◆ ASSIGNMENT
Omit every picture and write out the rest of the records exactly.

# # # # # # #

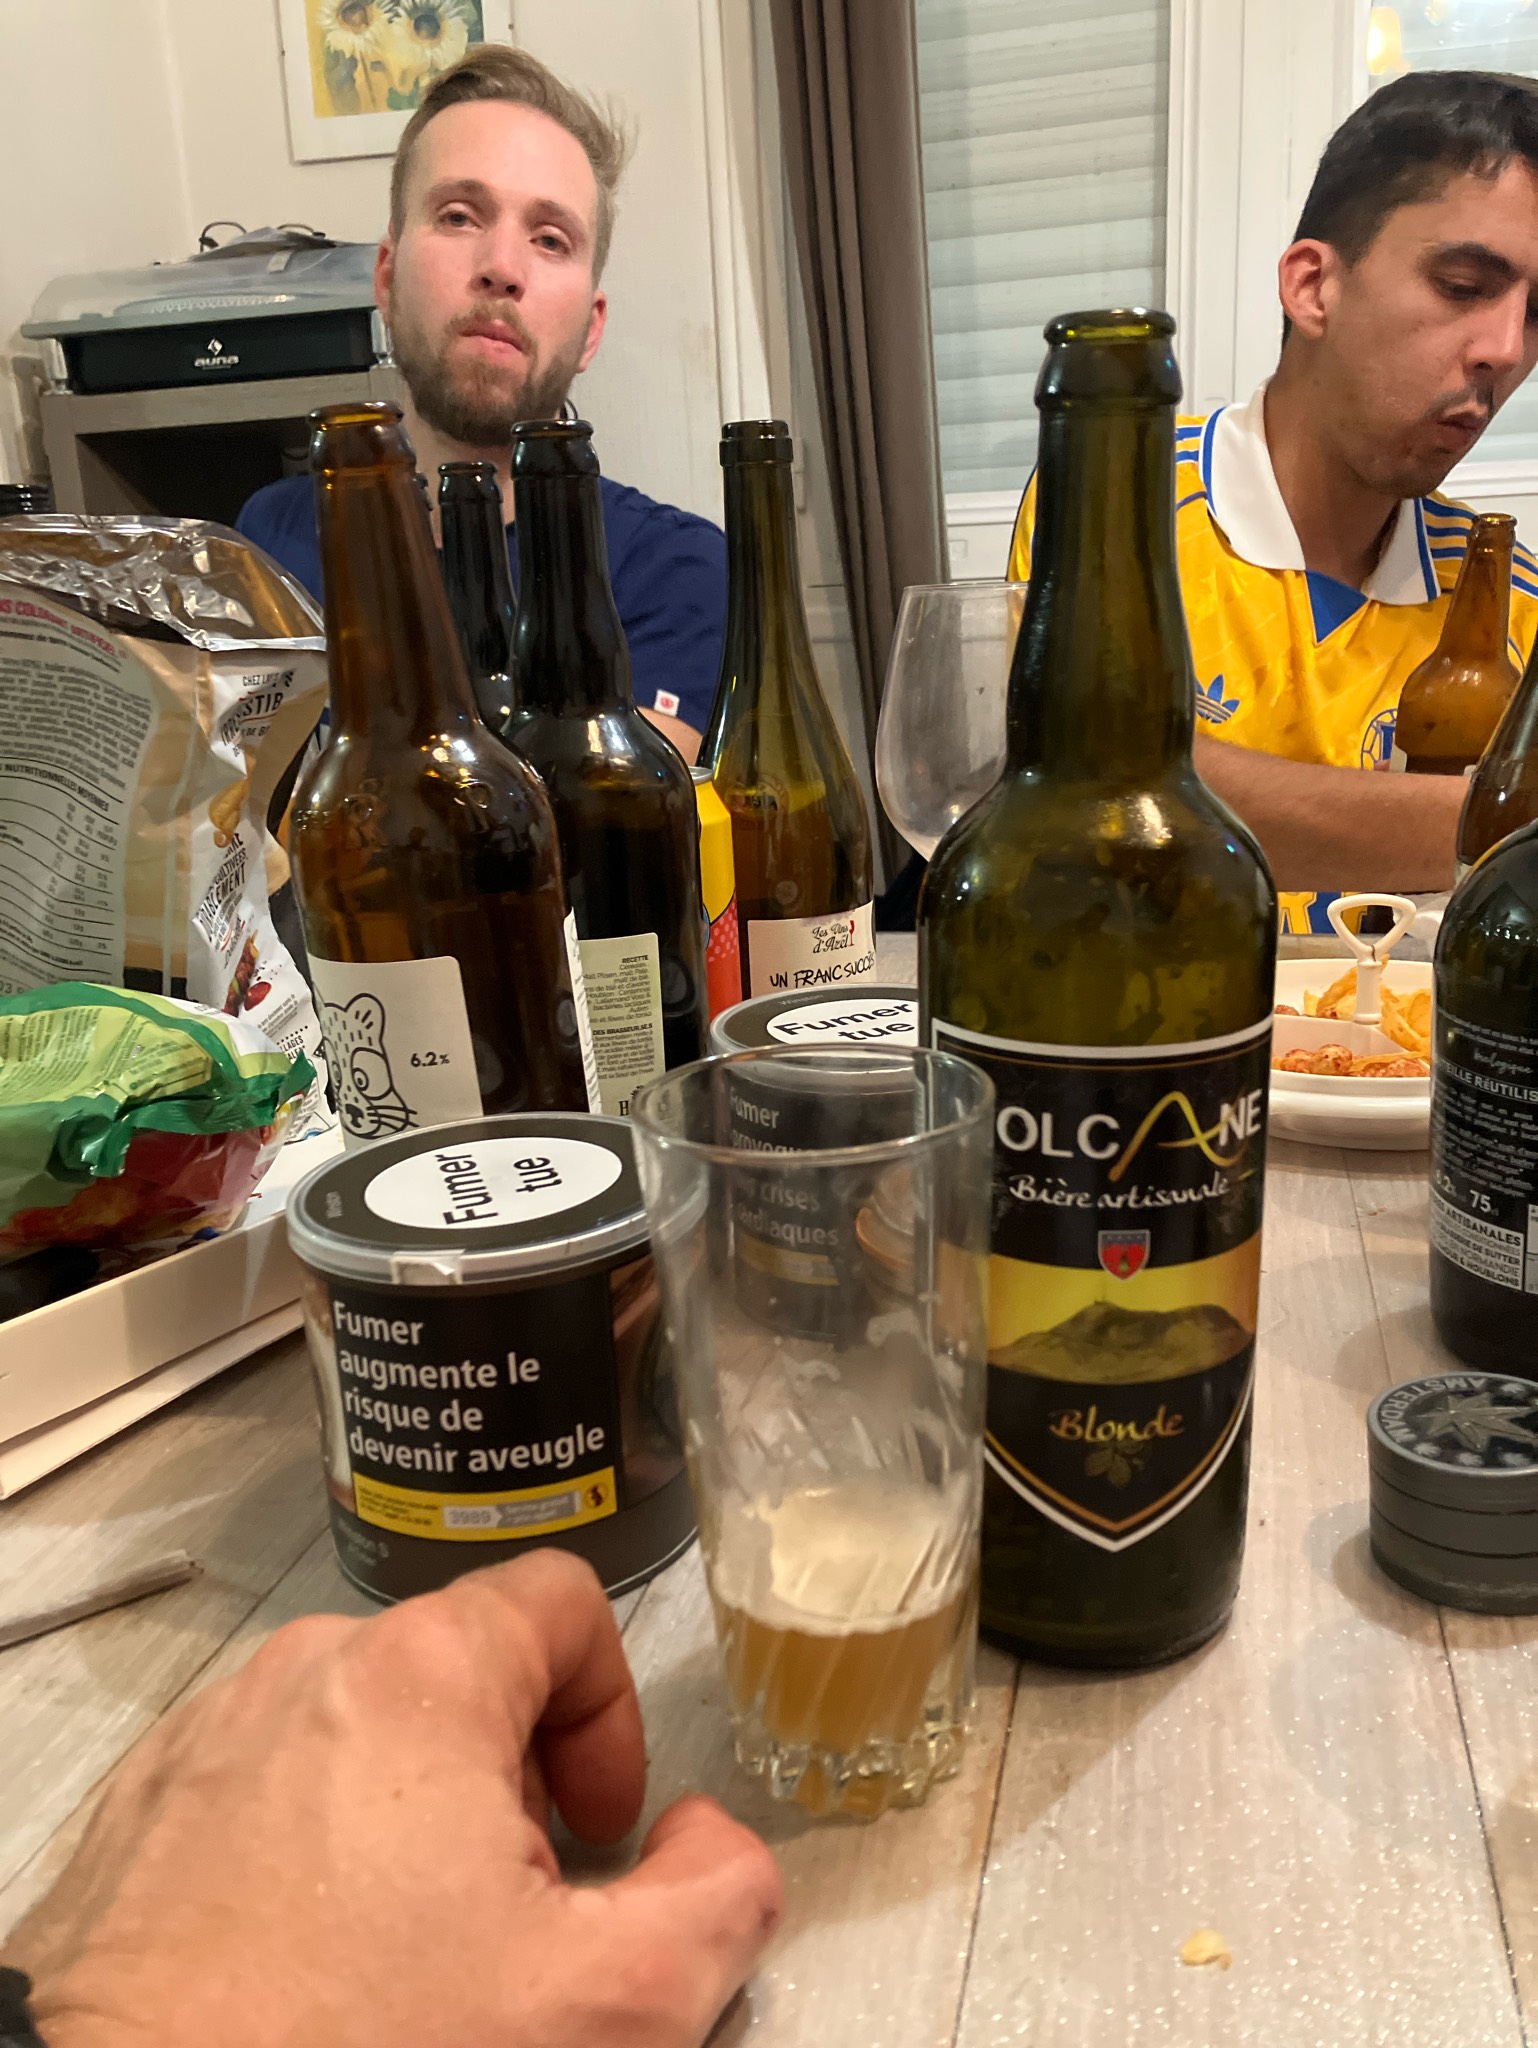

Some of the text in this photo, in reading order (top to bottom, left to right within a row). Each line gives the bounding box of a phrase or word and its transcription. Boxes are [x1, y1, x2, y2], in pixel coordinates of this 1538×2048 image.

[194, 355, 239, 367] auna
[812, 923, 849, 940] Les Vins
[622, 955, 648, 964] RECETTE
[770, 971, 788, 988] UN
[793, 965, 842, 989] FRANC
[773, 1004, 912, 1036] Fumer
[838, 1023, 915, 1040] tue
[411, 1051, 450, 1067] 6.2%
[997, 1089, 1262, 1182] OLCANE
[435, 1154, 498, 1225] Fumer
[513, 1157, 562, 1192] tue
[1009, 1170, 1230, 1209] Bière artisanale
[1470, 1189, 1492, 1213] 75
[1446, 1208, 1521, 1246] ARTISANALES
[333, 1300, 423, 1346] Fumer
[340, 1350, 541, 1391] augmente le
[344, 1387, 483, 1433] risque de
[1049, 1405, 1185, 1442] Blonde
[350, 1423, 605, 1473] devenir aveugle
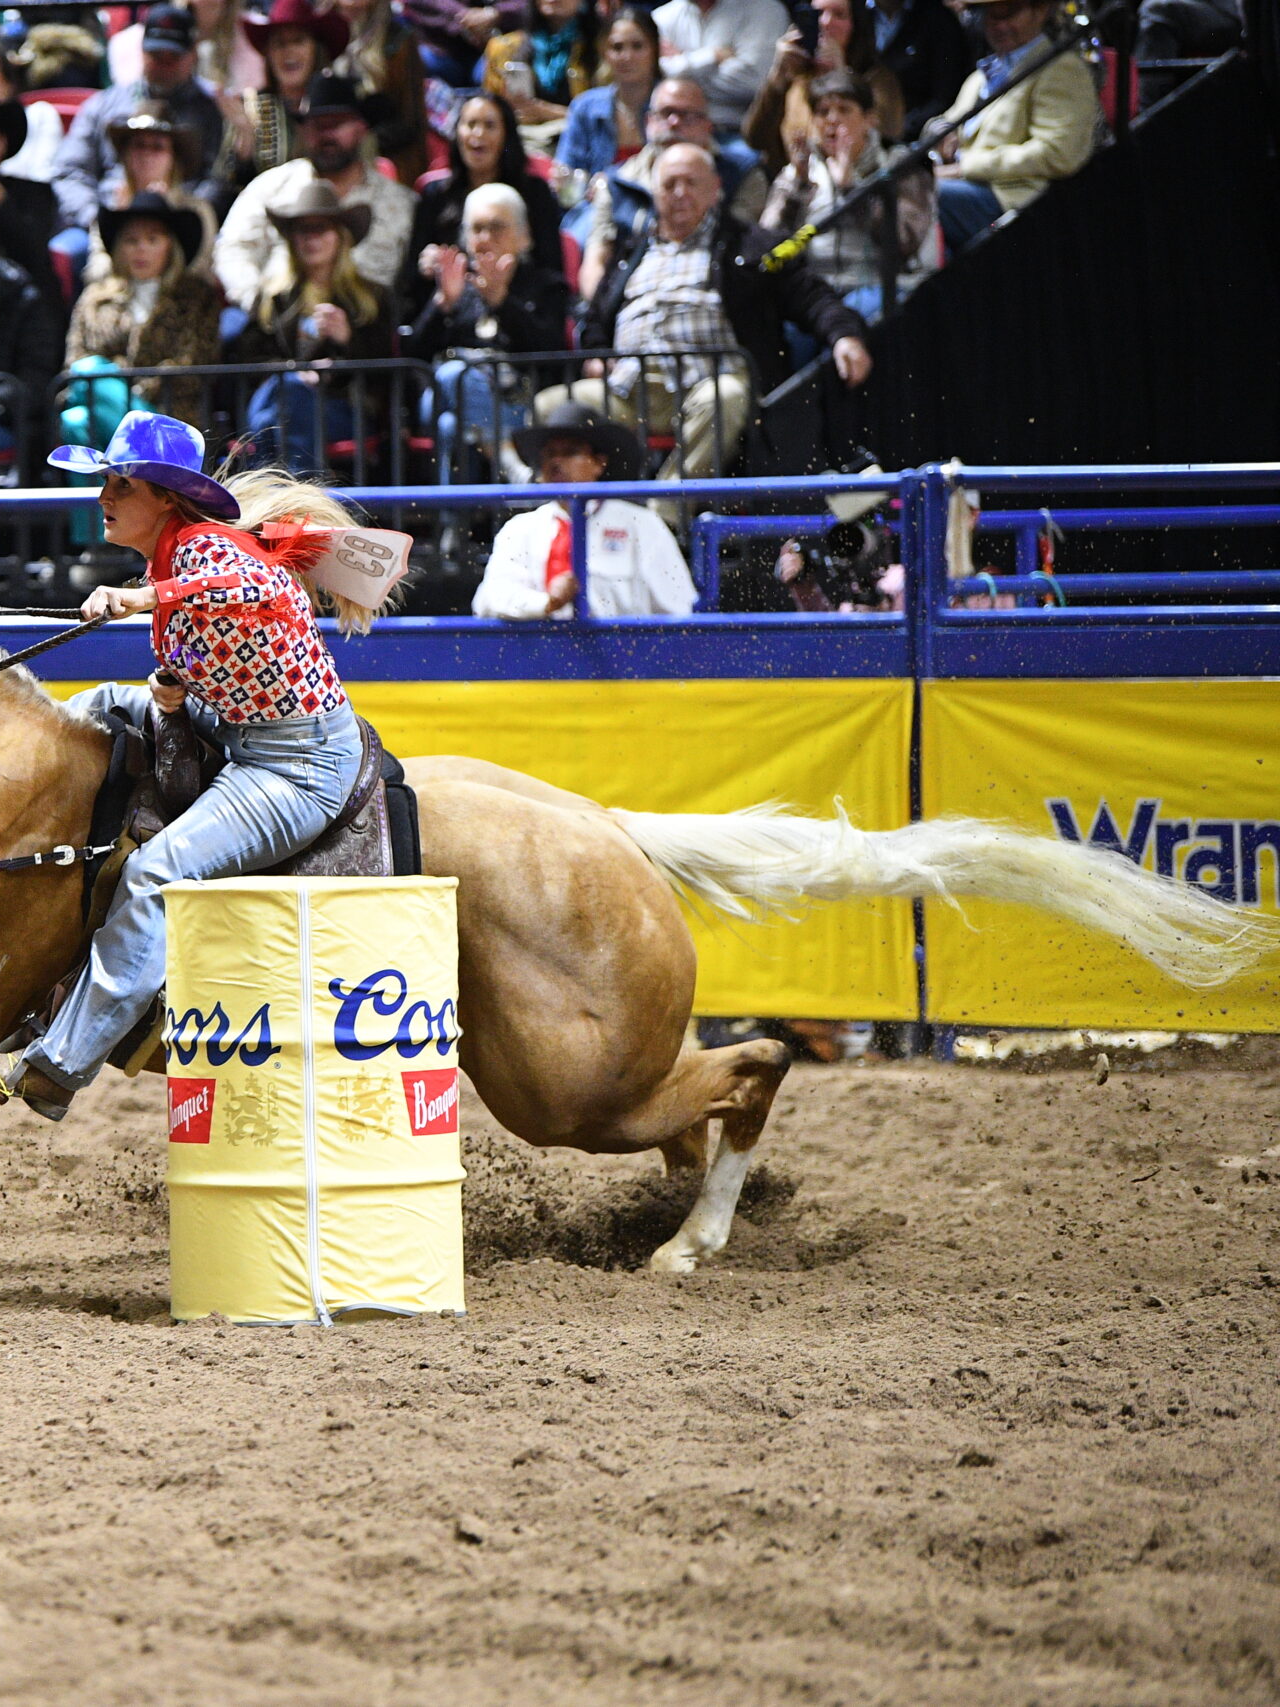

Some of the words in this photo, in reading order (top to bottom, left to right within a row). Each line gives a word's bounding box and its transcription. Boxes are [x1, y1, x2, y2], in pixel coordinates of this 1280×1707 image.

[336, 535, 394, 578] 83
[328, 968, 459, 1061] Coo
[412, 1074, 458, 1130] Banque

# # # # # # #

◆ YOUR SOLUTION
Some of the text in this photo, in reading order (top to bottom, left to right within a row). Each line gives the bounding box of a phrase or word and its transcription. Boxes are [x1, y1, x2, y2], in pixel coordinates of this 1538×2048 image.

[194, 355, 239, 367] auna
[812, 923, 849, 940] Les Vins
[622, 955, 648, 964] RECETTE
[770, 971, 788, 988] UN
[793, 965, 842, 989] FRANC
[773, 1004, 912, 1036] Fumer
[838, 1023, 915, 1040] tue
[411, 1051, 450, 1067] 6.2%
[997, 1089, 1262, 1182] OLCANE
[435, 1154, 498, 1225] Fumer
[513, 1157, 562, 1192] tue
[1009, 1170, 1230, 1209] Bière artisanale
[1470, 1189, 1492, 1213] 75
[1446, 1208, 1521, 1246] ARTISANALES
[333, 1300, 423, 1346] Fumer
[340, 1350, 541, 1391] augmente le
[344, 1387, 483, 1433] risque de
[1049, 1405, 1185, 1442] Blonde
[350, 1423, 605, 1473] devenir aveugle

Some of the words in this photo, in reading order (top to bottom, left to right within a row). Each line gives a word's bounding box and its transcription. Boxes are [x1, y1, x2, y2], in pixel coordinates of this 1280×1707 image.

[336, 535, 394, 578] 83
[328, 968, 459, 1061] Coo
[412, 1074, 458, 1130] Banque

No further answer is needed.